[Annotated photo localization data]
*-*-*

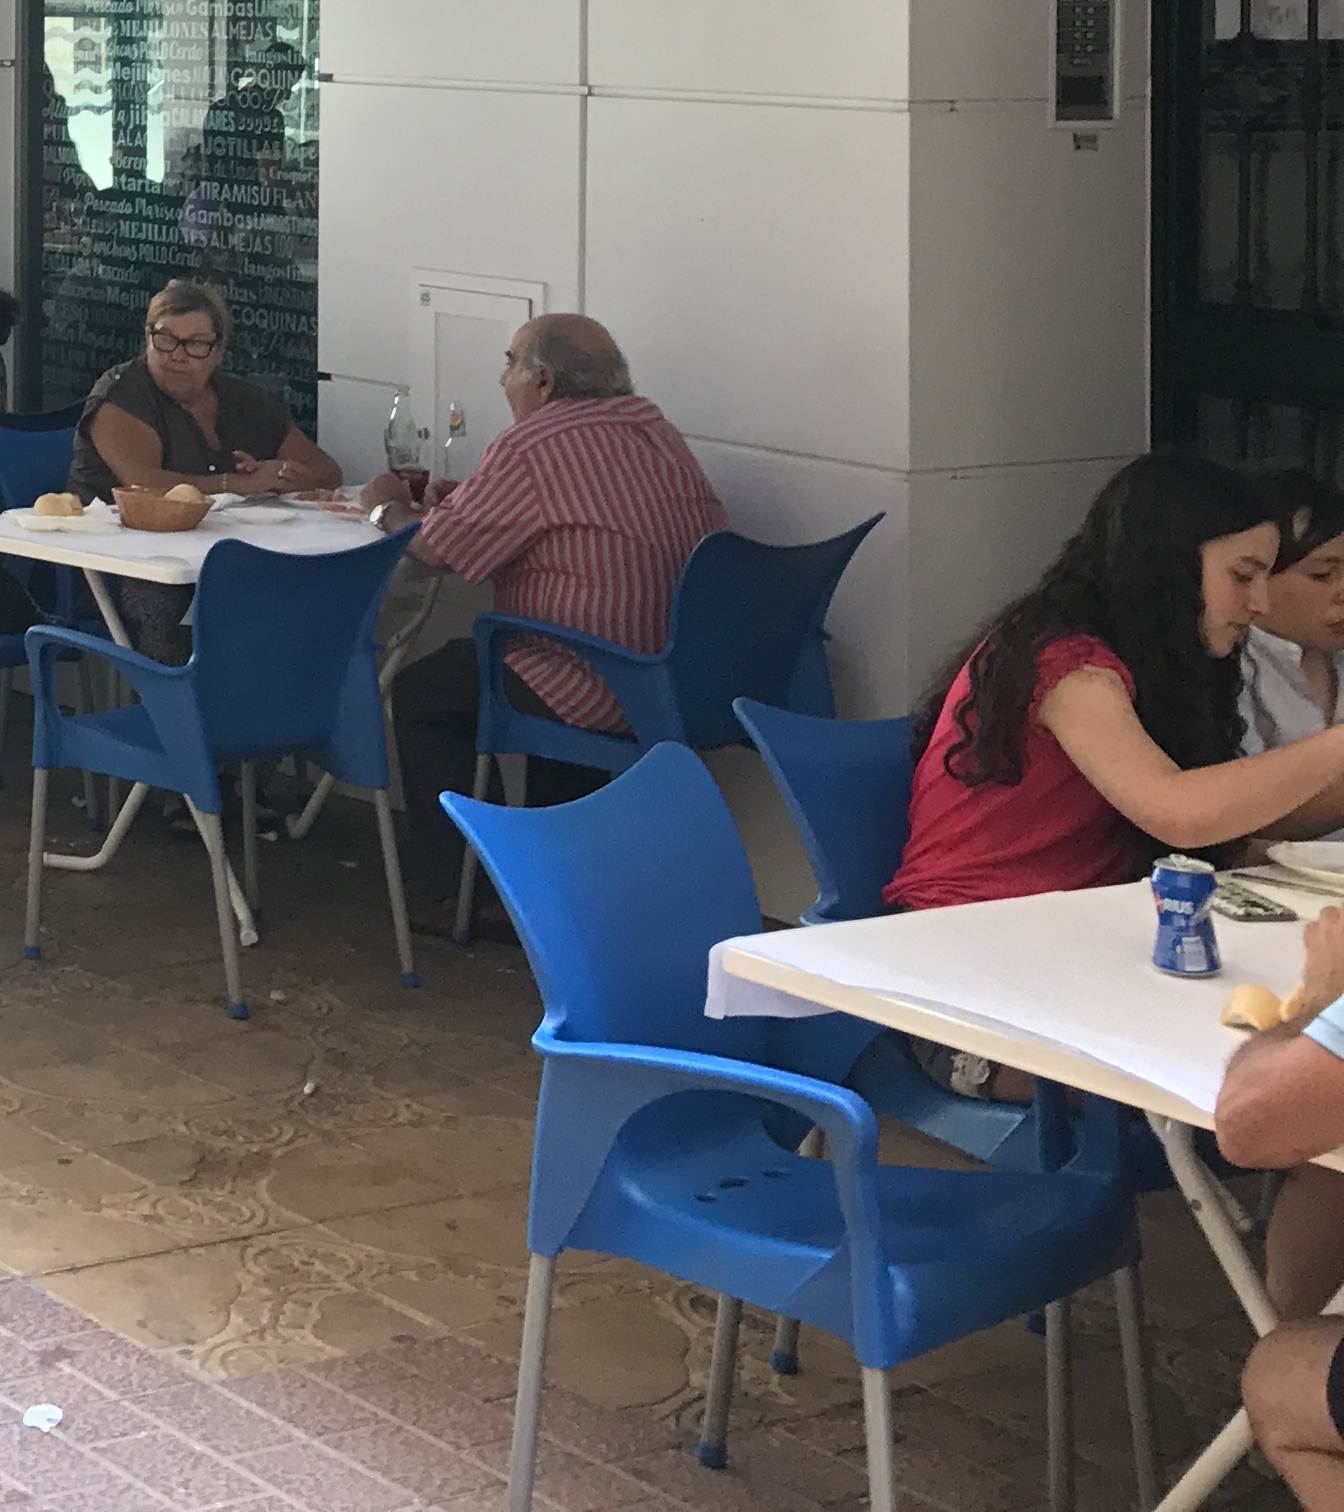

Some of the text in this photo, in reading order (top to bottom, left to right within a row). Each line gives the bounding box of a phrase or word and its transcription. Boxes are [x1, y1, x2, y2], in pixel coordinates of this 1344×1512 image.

[212, 20, 273, 42] ALMEJAS
[120, 172, 161, 195] tarta
[200, 180, 273, 206] TIRAMISÚ
[83, 191, 134, 215] Pescado
[184, 203, 254, 231] Gambas
[210, 229, 273, 256] ALMEJAS
[229, 304, 319, 337] COQUINAS
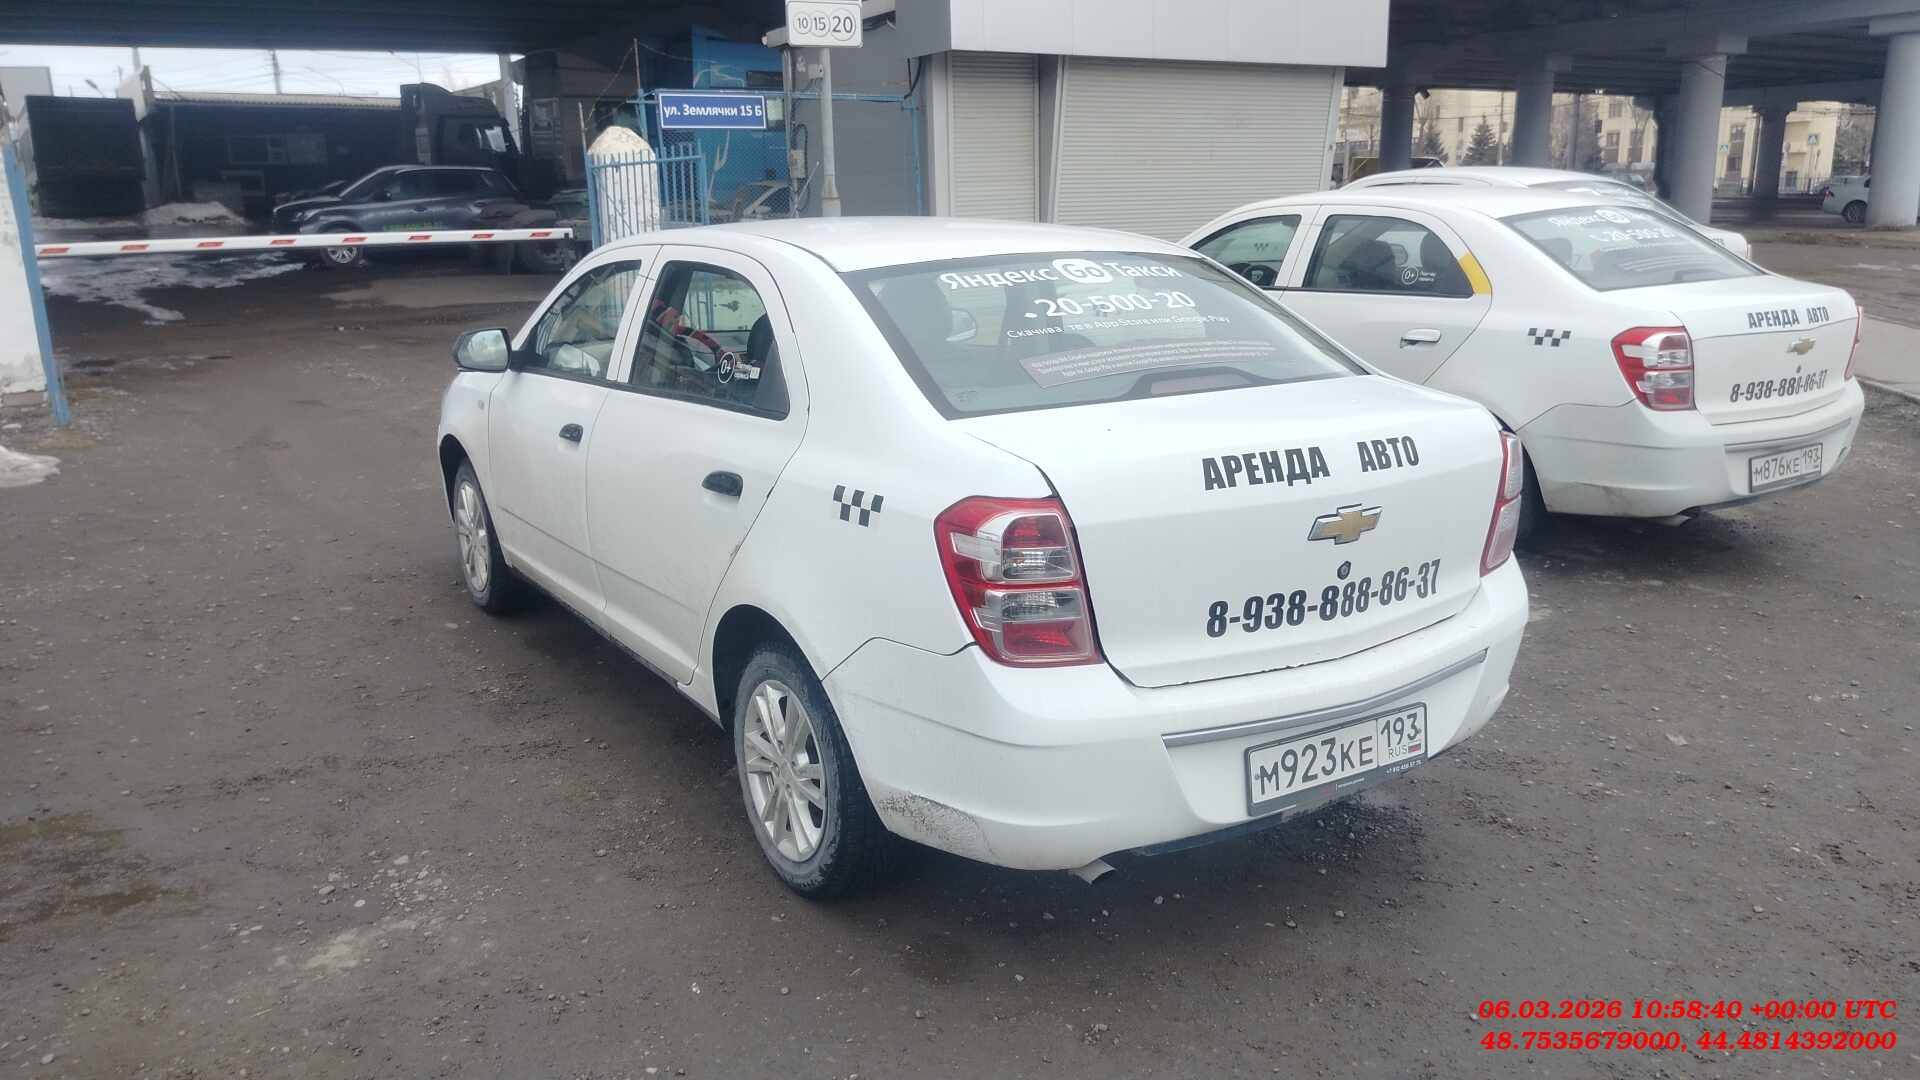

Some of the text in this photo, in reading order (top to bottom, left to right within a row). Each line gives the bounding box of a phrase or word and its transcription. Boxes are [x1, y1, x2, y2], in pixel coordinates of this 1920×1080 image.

[797, 15, 853, 33] 10 15 20
[663, 104, 762, 118] ул. Землячки 15 Б
[939, 268, 1059, 290] Яндекс
[1103, 262, 1182, 279] Такси
[1747, 306, 1830, 328] АРЕНДА АВТО
[720, 359, 731, 374] 0+
[1202, 435, 1420, 491] АРЕНДА АВТО
[1206, 558, 1441, 638] 8-938-888-86-37
[1258, 712, 1418, 795] М923КЕ 193
[1387, 744, 1407, 760] RUS

*-*-*

◆ **WHAT YOU NEED TO DO**: Every line above should be duplicated exactly; the pictures are to be left out.

◆ **EXERCISE RESPONSE**:
Some of the text in this photo, in reading order (top to bottom, left to right within a row). Each line gives the bounding box of a phrase or word and its transcription. Boxes are [x1, y1, x2, y2], in pixel coordinates of this 1344×1512 image.

[212, 20, 273, 42] ALMEJAS
[120, 172, 161, 195] tarta
[200, 180, 273, 206] TIRAMISÚ
[83, 191, 134, 215] Pescado
[184, 203, 254, 231] Gambas
[210, 229, 273, 256] ALMEJAS
[229, 304, 319, 337] COQUINAS

Some of the text in this photo, in reading order (top to bottom, left to right within a row). Each line gives the bounding box of a phrase or word and its transcription. Boxes are [x1, y1, x2, y2], in pixel coordinates of this 1920×1080 image.

[797, 15, 853, 33] 10 15 20
[663, 104, 762, 118] ул. Землячки 15 Б
[939, 268, 1059, 290] Яндекс
[1103, 262, 1182, 279] Такси
[1747, 306, 1830, 328] АРЕНДА АВТО
[720, 359, 731, 374] 0+
[1202, 435, 1420, 491] АРЕНДА АВТО
[1206, 558, 1441, 638] 8-938-888-86-37
[1258, 712, 1418, 795] М923КЕ 193
[1387, 744, 1407, 760] RUS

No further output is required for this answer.